### TASK DETAILS
Keep the pictures out of the copy and print all the entries below exactly.

(Items from a dataset)
┌──
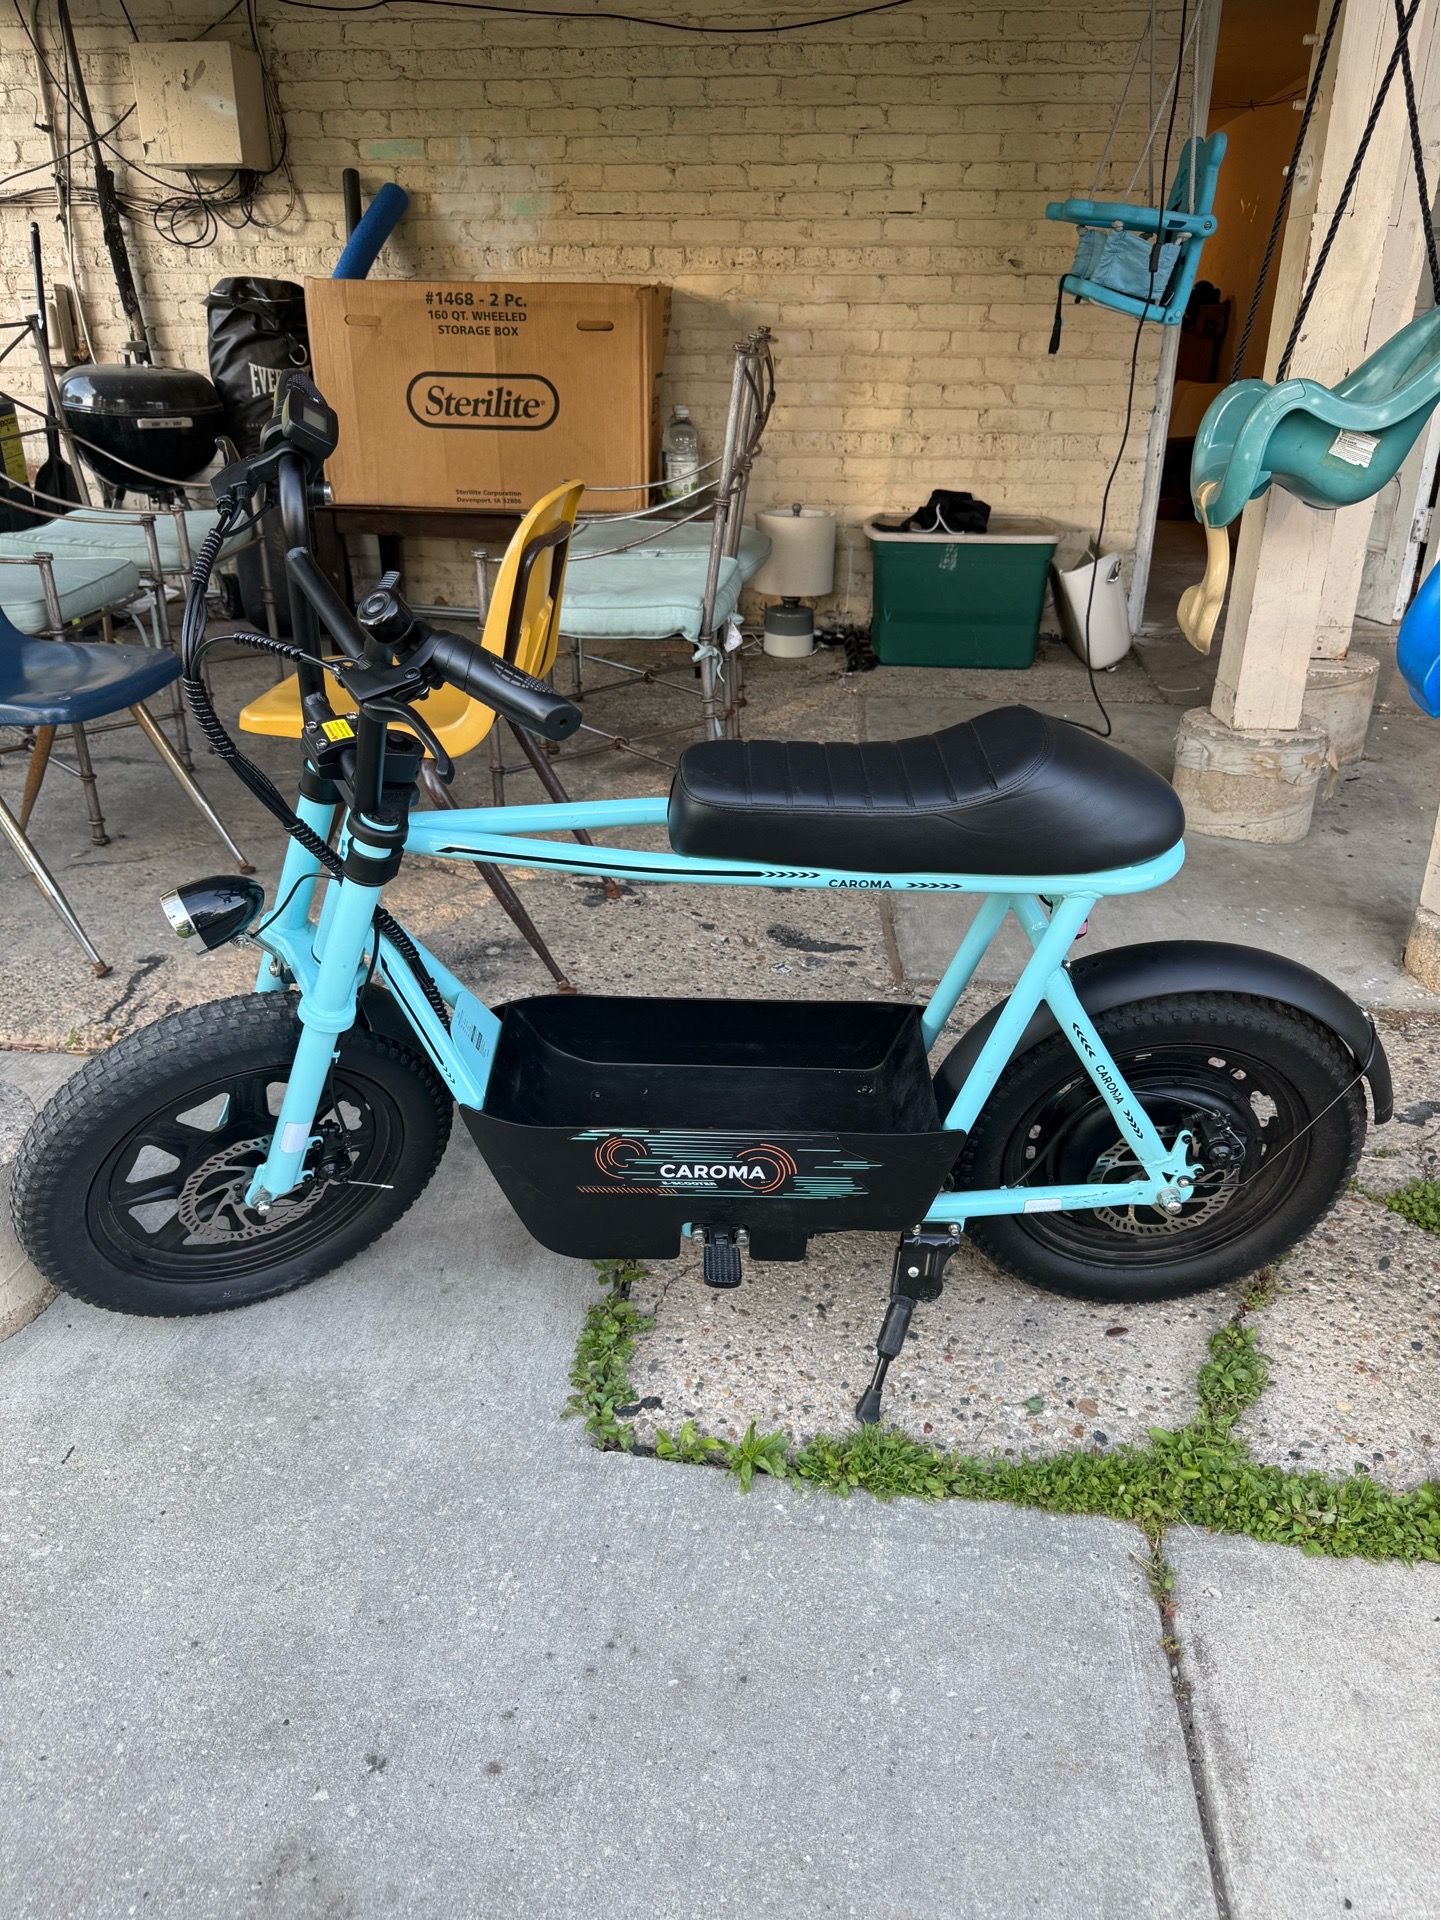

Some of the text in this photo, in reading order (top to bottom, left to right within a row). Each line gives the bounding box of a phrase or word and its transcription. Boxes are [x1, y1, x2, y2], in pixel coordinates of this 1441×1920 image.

[425, 291, 474, 306] #1468
[489, 293, 499, 307] 2
[504, 293, 528, 308] Pc.
[428, 310, 527, 322] 160 QT. WHEELED
[438, 325, 519, 337] STORAGE BOX
[425, 385, 541, 418] Sterilite
[828, 879, 892, 889] CAROMA
[1095, 1064, 1124, 1105] CAROMA
[660, 1164, 766, 1179] CAROMA
└──
### ANSWER SECTION
Some of the text in this photo, in reading order (top to bottom, left to right within a row). Each line gives the bounding box of a phrase or word and its transcription. Boxes are [x1, y1, x2, y2], in pixel coordinates of this 1441×1920 image.

[425, 291, 474, 306] #1468
[489, 293, 499, 307] 2
[504, 293, 528, 308] Pc.
[428, 310, 527, 322] 160 QT. WHEELED
[438, 325, 519, 337] STORAGE BOX
[425, 385, 541, 418] Sterilite
[828, 879, 892, 889] CAROMA
[1095, 1064, 1124, 1105] CAROMA
[660, 1164, 766, 1179] CAROMA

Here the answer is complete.